EXERCISE DATA:
++++++++++

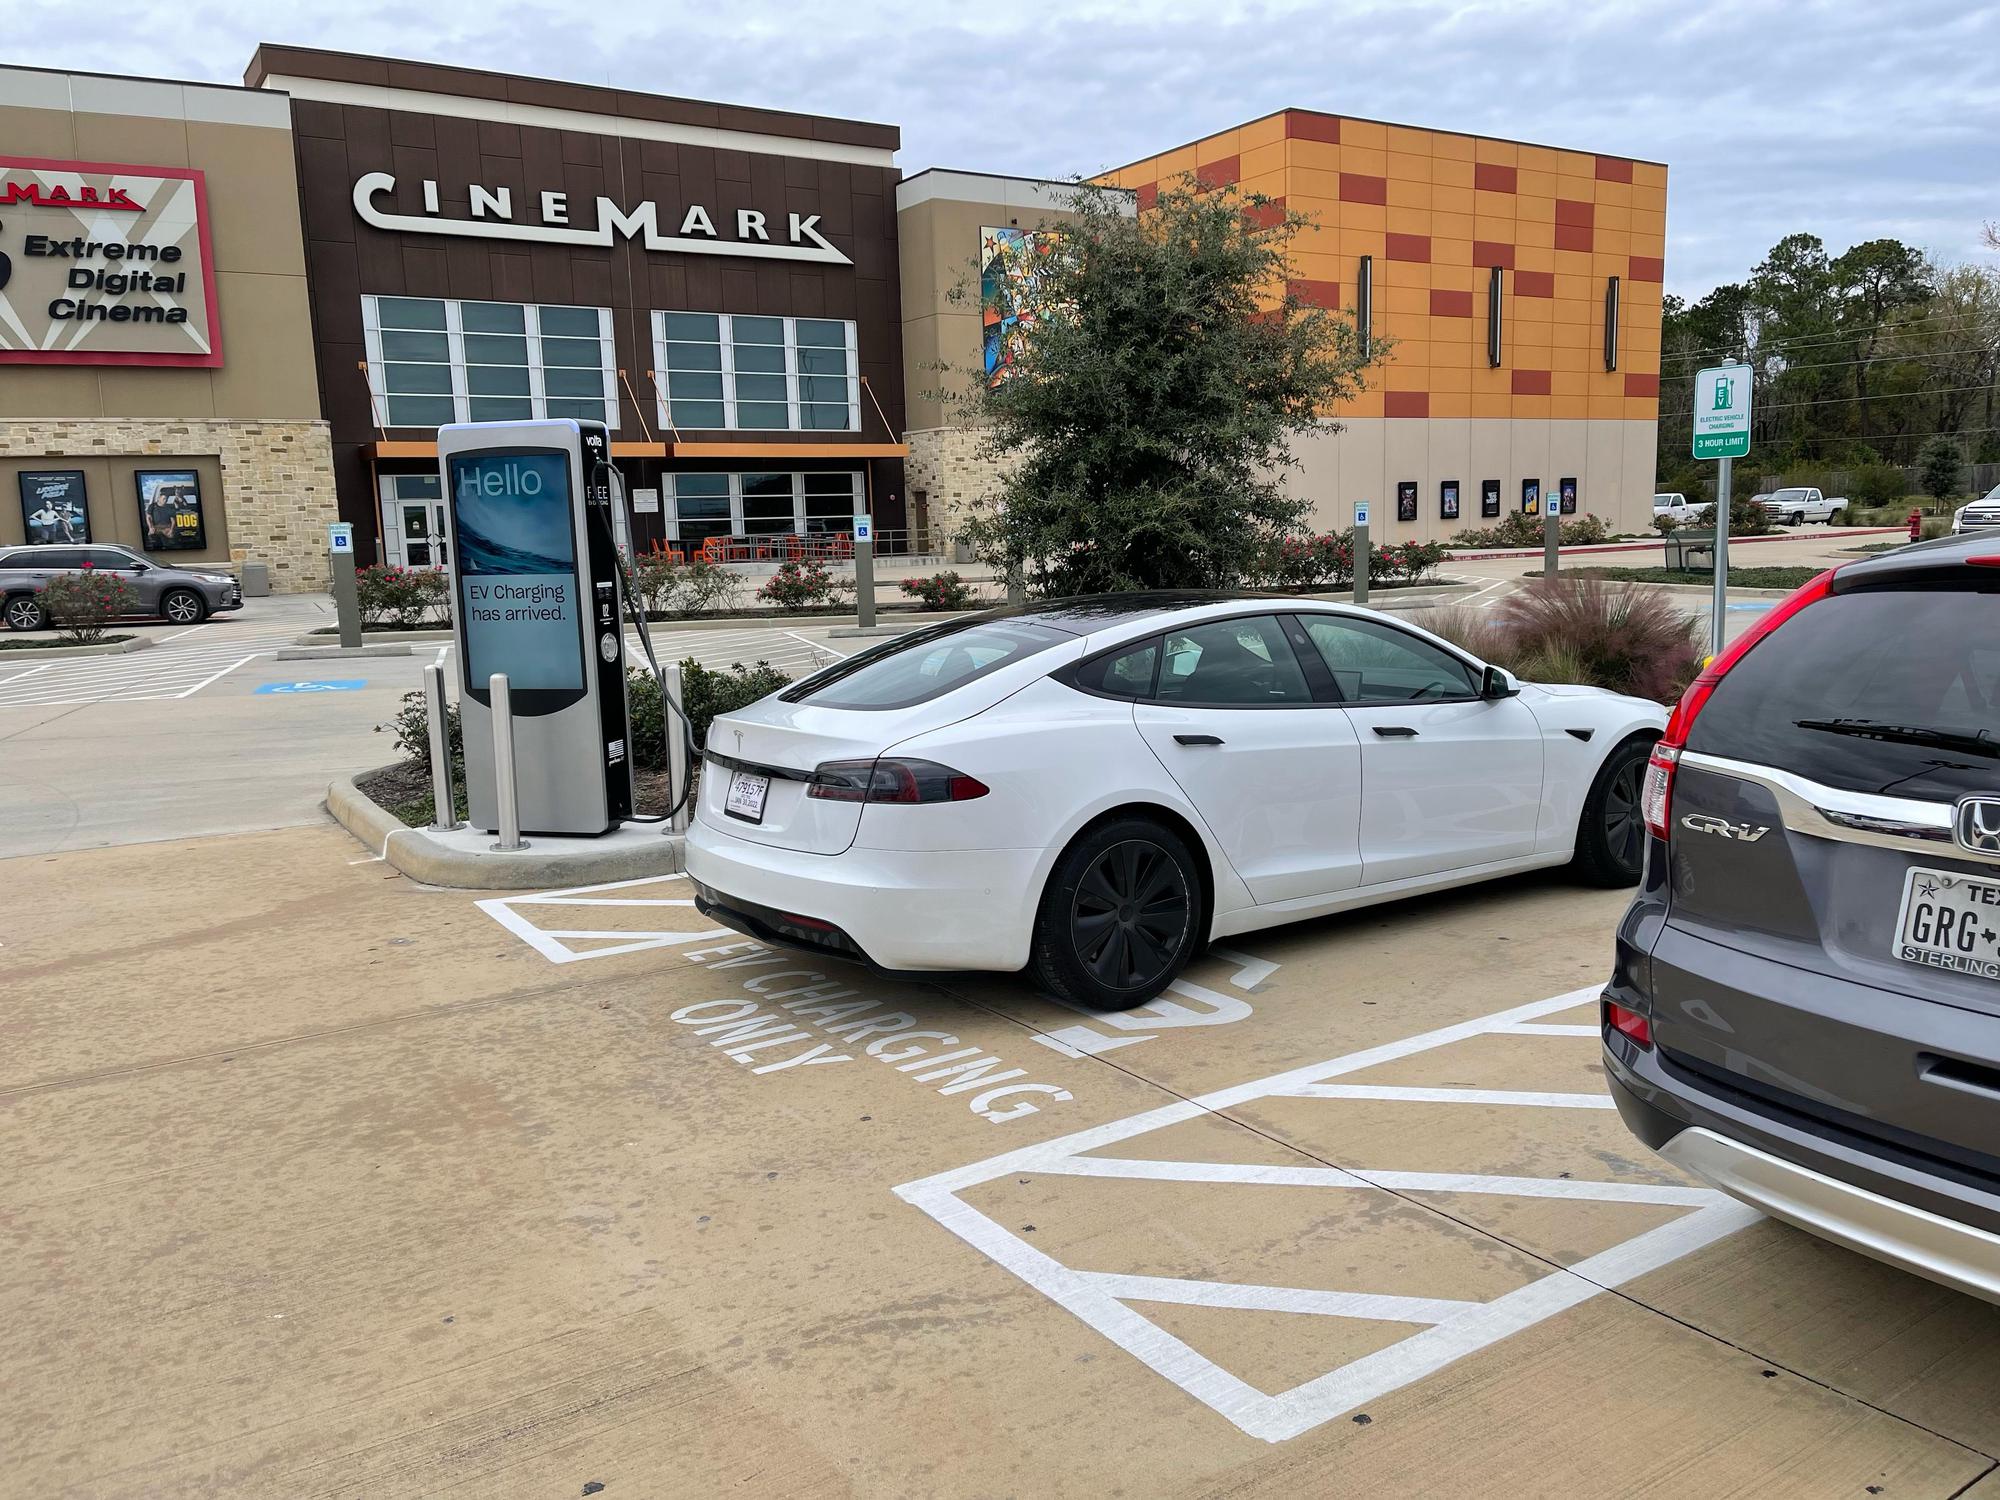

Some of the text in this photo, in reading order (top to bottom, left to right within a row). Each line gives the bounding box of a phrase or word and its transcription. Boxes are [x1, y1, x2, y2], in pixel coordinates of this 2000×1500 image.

[353, 172, 854, 264] CINEMARK
[24, 235, 182, 263] Extreme
[68, 268, 186, 295] Digital
[48, 298, 188, 323] Cinema
[1700, 413, 1744, 423] ELECTRIC VEHICLE
[1708, 422, 1734, 430] CHARGING
[585, 435, 602, 447] volta
[1704, 438, 1724, 448] HOUR
[1725, 437, 1744, 446] LIMIT
[460, 464, 542, 497] Hello
[587, 485, 608, 499] FEE
[176, 513, 197, 528] DOG
[470, 584, 565, 603] EV Charging
[472, 606, 566, 621] has arrived.
[1681, 813, 1771, 842] CR-V
[683, 941, 789, 970] EV
[1904, 947, 1999, 977] STERLING
[670, 999, 855, 1075] ONLY
[743, 971, 1074, 1124] CHARGING

++++++++++

ACTIVITY:
Every record should be duplicated exactly, though any picture in it must be left out.

ANSWER SPACE:
Some of the text in this photo, in reading order (top to bottom, left to right within a row). Each line gives the bounding box of a phrase or word and its transcription. Boxes are [x1, y1, x2, y2], in pixel coordinates of this 2000×1500 image.

[353, 172, 854, 264] CINEMARK
[24, 235, 182, 263] Extreme
[68, 268, 186, 295] Digital
[48, 298, 188, 323] Cinema
[1700, 413, 1744, 423] ELECTRIC VEHICLE
[1708, 422, 1734, 430] CHARGING
[585, 435, 602, 447] volta
[1704, 438, 1724, 448] HOUR
[1725, 437, 1744, 446] LIMIT
[460, 464, 542, 497] Hello
[587, 485, 608, 499] FEE
[176, 513, 197, 528] DOG
[470, 584, 565, 603] EV Charging
[472, 606, 566, 621] has arrived.
[1681, 813, 1771, 842] CR-V
[683, 941, 789, 970] EV
[1904, 947, 1999, 977] STERLING
[670, 999, 855, 1075] ONLY
[743, 971, 1074, 1124] CHARGING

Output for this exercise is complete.